• Exercise prompt: Report each line from the records where the string "DEATH" turns up.

• Annotated photo localization data:
────────────────

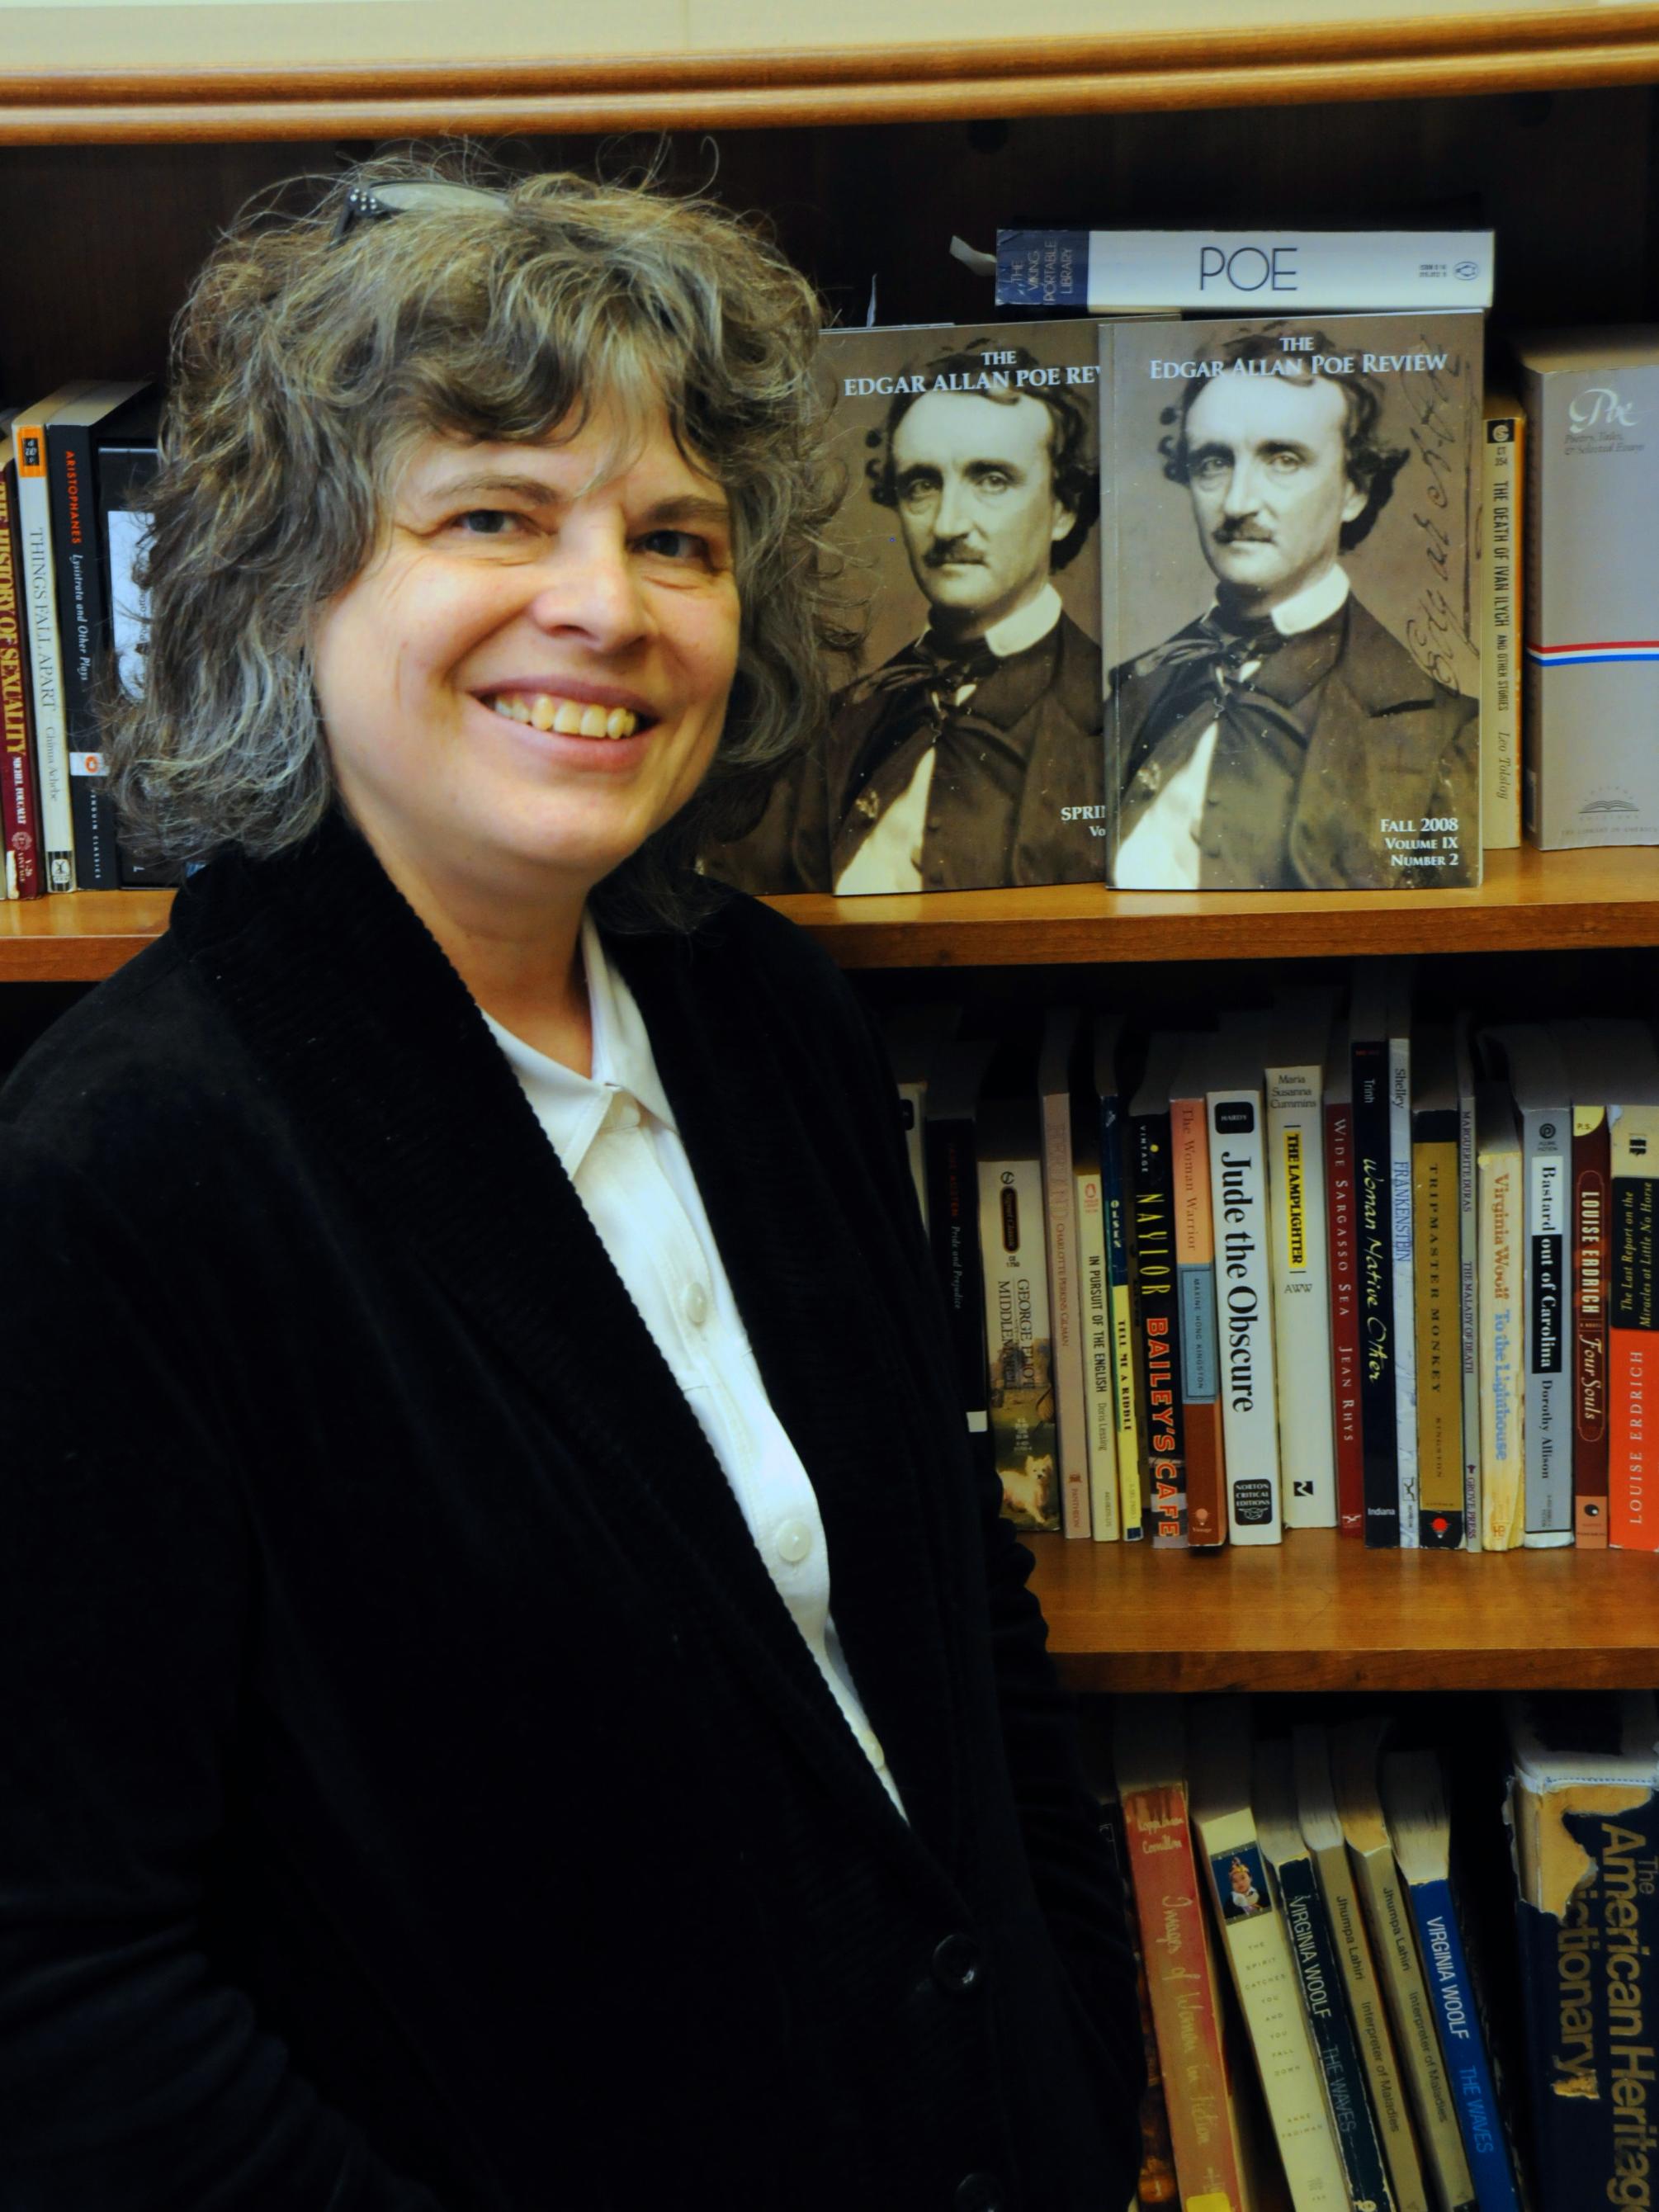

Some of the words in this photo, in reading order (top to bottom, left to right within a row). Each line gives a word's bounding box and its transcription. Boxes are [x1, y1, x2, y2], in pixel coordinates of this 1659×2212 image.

[1011, 259, 1023, 283] THE
[1028, 249, 1040, 291] VIKING
[1043, 239, 1057, 304] PORTABLE
[1061, 248, 1073, 294] LIBRARY
[1199, 247, 1298, 291] POE
[981, 350, 1017, 366] THE
[1280, 337, 1314, 352] THE
[844, 376, 926, 397] EDGAR
[932, 370, 1009, 392] ALLAN
[1015, 367, 1061, 388] POE
[1150, 360, 1226, 380] EDGAR
[1224, 357, 1303, 376] ALLAN
[1311, 354, 1356, 375] POE
[1363, 353, 1449, 373] REVIEW
[66, 451, 81, 544] ARISTOPHANES
[1493, 481, 1510, 502] THE
[1493, 507, 1510, 542] DEATH
[30, 527, 48, 600] THINGS
[1493, 547, 1509, 560] OF
[69, 554, 84, 601] Lysistrata
[1493, 565, 1510, 591] IVAN
[0, 617, 18, 645] OF
[35, 604, 51, 649] FALL
[77, 604, 87, 622] and
[1494, 596, 1510, 626] ILYCH
[78, 625, 88, 653] Other
[1497, 635, 1509, 650] AND
[39, 653, 56, 711] APART
[78, 657, 90, 681] Plays
[1497, 654, 1509, 678] OTHER
[0, 648, 26, 756] SEXUALITY
[1497, 681, 1510, 711] STORIES
[45, 726, 58, 764] Chinua
[1498, 731, 1510, 752] Leo
[12, 757, 24, 786] MICHEL
[48, 766, 59, 801] Achebe
[1496, 757, 1511, 800] Tolstoy
[1380, 819, 1416, 832] FALL
[1420, 817, 1459, 832] 2008
[1384, 837, 1439, 849] VOLUME
[1441, 836, 1459, 848] IX
[1390, 853, 1446, 867] NUMBER
[1449, 853, 1459, 866] 2
[1272, 1087, 1312, 1097] Susanna
[1279, 1075, 1306, 1084] Maria
[1364, 1078, 1376, 1104] Trinh
[1392, 1068, 1407, 1108] Shelley
[1182, 1108, 1195, 1134] The
[1271, 1099, 1316, 1108] Cummins
[1287, 1133, 1300, 1162] THE
[1334, 1118, 1347, 1166] WIDE
[1462, 1111, 1472, 1177] MARGUERITE
[1183, 1140, 1195, 1191] Woman
[1222, 1151, 1254, 1223] Jude
[1363, 1158, 1385, 1229] Woman
[1463, 1180, 1472, 1212] DURAS
[1541, 1166, 1557, 1231] Bastard
[1622, 1192, 1633, 1207] the
[1185, 1197, 1198, 1251] Warrior
[1288, 1165, 1303, 1264] LAMPLIGHTER
[1335, 1180, 1349, 1272] SARGASSO
[1394, 1161, 1411, 1262] FRANKENSTEIN
[1491, 1173, 1510, 1245] Virginia
[1581, 1192, 1600, 1242] LOUISE
[1625, 1212, 1634, 1224] on
[951, 1226, 961, 1248] Pride
[1056, 1222, 1067, 1275] CHARLOTTE
[1136, 1193, 1172, 1295] NAYLOR
[1429, 1164, 1440, 1299] TRIPMASTER
[1621, 1228, 1636, 1262] Report
[952, 1250, 962, 1267] and
[1089, 1255, 1100, 1266] IN
[1225, 1231, 1255, 1279] the
[1364, 1236, 1384, 1308] Native
[1494, 1245, 1510, 1299] Woolf
[1541, 1238, 1555, 1266] out
[952, 1270, 963, 1309] Prejudice
[1089, 1269, 1103, 1311] PURSUIT
[1463, 1262, 1473, 1283] THE
[1541, 1272, 1556, 1290] of
[1581, 1250, 1600, 1313] ERDRICH
[1620, 1267, 1634, 1288] Last
[1016, 1278, 1033, 1342] GEORGE
[1058, 1278, 1068, 1311] PERKINS
[1338, 1283, 1352, 1316] SEA
[1464, 1285, 1473, 1326] MALADY
[1620, 1292, 1633, 1311] The
[997, 1280, 1016, 1391] MIDDLEMARCH
[1060, 1312, 1070, 1347] GILMAN
[1092, 1314, 1103, 1326] OF
[1464, 1327, 1473, 1340] OF
[1495, 1309, 1511, 1332] To
[1540, 1296, 1557, 1368] Carolina
[1093, 1331, 1105, 1350] THE
[1227, 1286, 1259, 1413] Obscure
[1367, 1317, 1387, 1383] Other
[1431, 1309, 1441, 1393] MONKEY
[1464, 1342, 1474, 1373] DEATH
[1495, 1335, 1510, 1361] the
[1579, 1335, 1602, 1376] Four
[1022, 1346, 1035, 1389] ELIOT
[1094, 1354, 1108, 1393] ENGLISH
[1146, 1317, 1175, 1452] BAILEY'S
[1338, 1347, 1353, 1387] JEAN
[1097, 1402, 1108, 1422] Doris
[1492, 1364, 1510, 1461] Lighthouse
[1538, 1380, 1553, 1431] Dorothy
[1581, 1377, 1601, 1420] Souls
[1629, 1351, 1643, 1441] ERDRICH
[1098, 1424, 1109, 1453] Lessing
[1342, 1399, 1354, 1441] RHYS
[1435, 1417, 1444, 1478] KINGSTON
[1541, 1437, 1553, 1479] Allison
[1156, 1463, 1180, 1538] CAFE
[1629, 1452, 1643, 1524] LOUISE
[1638, 1855, 1659, 1895] The
[1155, 1896, 1194, 1955] Images
[1288, 1896, 1317, 1963] VIRGINIA
[1335, 1896, 1355, 1944] Jhumpa
[1383, 1887, 1401, 1936] Jhumpa
[1600, 1822, 1651, 2036] American
[1348, 1946, 1366, 1981] Lahiri
[1395, 1937, 1412, 1972] Lahiri
[1426, 1916, 1457, 1982] VIRGINIA
[1161, 1967, 1202, 1982] of
[1244, 1973, 1287, 1990] CATCHES
[1551, 1867, 1600, 2074] ictionary
[1303, 1964, 1331, 2019] WOOLF
[1360, 2002, 1383, 2062] Interpreter
[1408, 1991, 1431, 2053] Interpreter
[1440, 1984, 1470, 2040] WOOLF
[1322, 2044, 1345, 2077] THE
[1375, 2065, 1387, 2077] of
[1424, 2054, 1436, 2068] of
[1458, 2065, 1482, 2096] THE
[1329, 2077, 1357, 2134] WAVES
[1379, 2079, 1401, 2134] Maladies
[1428, 2070, 1449, 2124] Maladies
[1466, 2099, 1495, 2154] WAVES
[1606, 2044, 1657, 2212] Heritag

────────────────

• Result of this task:
[1493, 507, 1510, 542] DEATH
[1464, 1342, 1474, 1373] DEATH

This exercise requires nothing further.